Thinking about the gospel reading I see all of us in different roles at different times. Jairus had faith that Jesu could heal his daughter. He approached Jesus and begged him. He believed that if Jesus would just touch her she would be healed. While Jesus was on his way to the house of Jairus a woman was healed by touching the hem of his cloak. And Jesus noticed the power leaving him. She believed and her faith healed her. When approached and told that Jarius's daughter was dead Jesus told him just to believe. Jesus calls to the girl and she arises, and begins to eat.

Let's take a look at:
The woman with the hemorrhages
Jairus's daughter

But first let's return to the last line from the Second reading, Saint Paul States:

"The one who has much did not have too much,
and the one who had little did not have too little."

Paul was talking about balance, and generosity. And Paul speaks about a fair balance, between abundance, and need. There have been many times in life when we have been helped by others, my their time, their talents, and their treasures. And there have been times when we have been able to bless others.

Jairus believed and that faith stood the test of what would have caused others to turn away. He was told his daughter was dead, and yet he still hoped. He fell at Jesus feet and begged for healing. How many times have we asked Jesus for something and then given up. We need to be persistent and we need to have faith.
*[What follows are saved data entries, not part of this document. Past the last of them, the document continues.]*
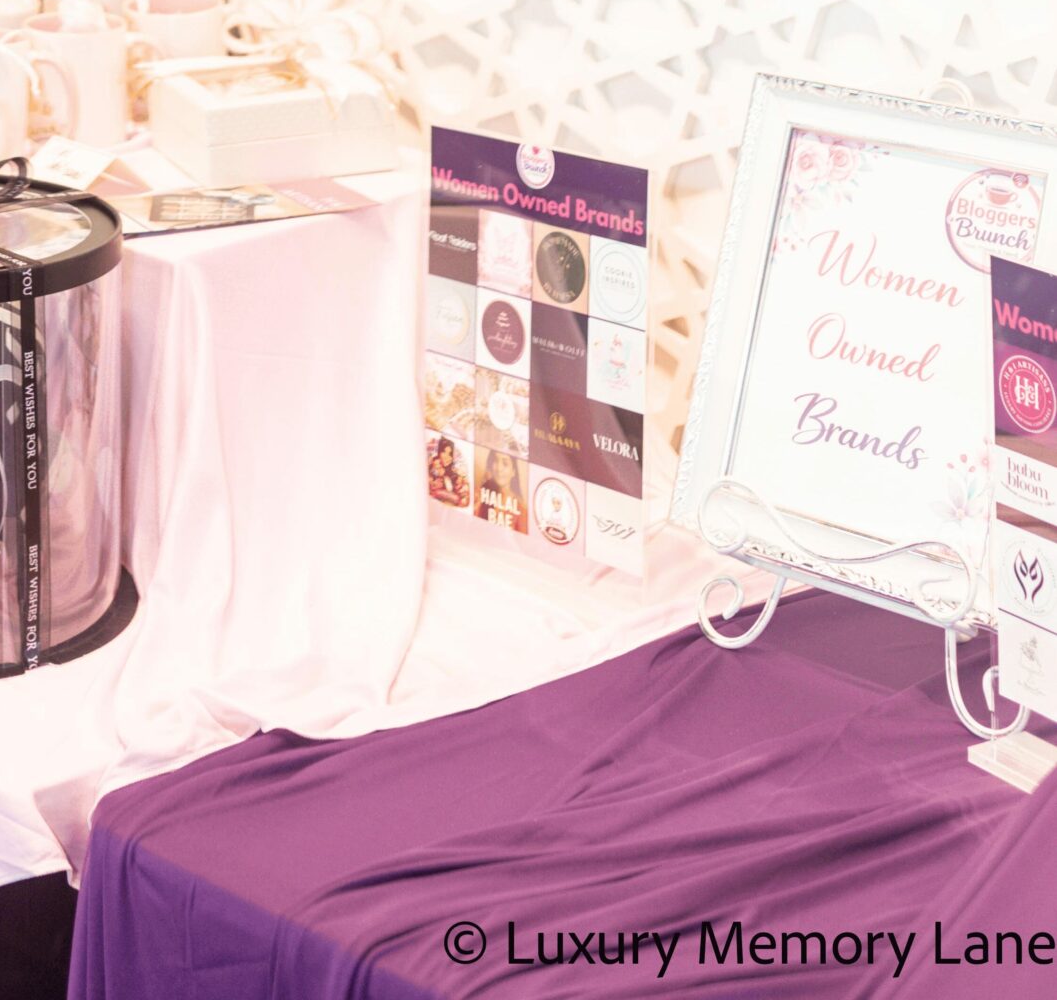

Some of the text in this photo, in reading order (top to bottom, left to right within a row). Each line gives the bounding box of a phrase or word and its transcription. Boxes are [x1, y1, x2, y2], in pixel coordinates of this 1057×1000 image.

[431, 166, 644, 236] Women Owned Brands
[956, 197, 1036, 230] Bloggers
[955, 216, 1031, 251] Brunch
[22, 268, 32, 296] YOU
[808, 230, 965, 308] Women
[994, 298, 1057, 344] Wom
[807, 312, 941, 383] Owned
[24, 351, 37, 490] BEST WISHES FOR YOU
[791, 392, 929, 470] Brands
[592, 433, 640, 461] VELORA
[1007, 456, 1042, 482] bubu
[1007, 471, 1048, 500] bloom
[481, 487, 521, 515] HALAL
[488, 508, 514, 531] BAE
[28, 544, 39, 573] BEST
[27, 576, 38, 623] WISHES
[26, 625, 37, 651] FOR
The woman knew that is she just touched Jesus she would be healed. Do I believe in that healing. Do I turn to Jesus in all my needs? Do I expect answers? 

And finally Jairus's daughter, do I listen to Jesus voice, when he calls do I respond. Do I follow no matter what he asks? 

This week I was asked by a few people about my reaction to the case about Cardinal McCarrick. Like many I think the questions around what others knew and when they knew will be of greater importance. I will pray for the clergy involved and the victims.  And I think of an Anglican priest here in Canada, he is defrocked now, and in jail. The accusations and some convictions go back decades to when he was in parishes and involved with the native community. But after that he had a role as a director of residence and chaplain at Renison College at the University of Waterloo. Maybe the thought was at a university the victims would be of the age of consent? So I do not have any real answers but typing back to the three people in the Gospel reading, I need to believe that Jesus is in control, like the money changes in the temple, I need to believe that Jesus will clean his Father house. Like the woman I need to believe that Jesus can heal, believe he can heal me, heal the victims, and heal his church. And like Jairus's daughter I need to follow and do as Jesus asks.

This week I will be praying for all victims of abuse by clergy, if they were under age, or of age of consent but pressured or forced into situations they did not desire. I pray for you my readers; that we will continue to believe, and to follow. And I ask prayers from you, for my continued healing, and for my discernment of a calling to the permanent diaconate.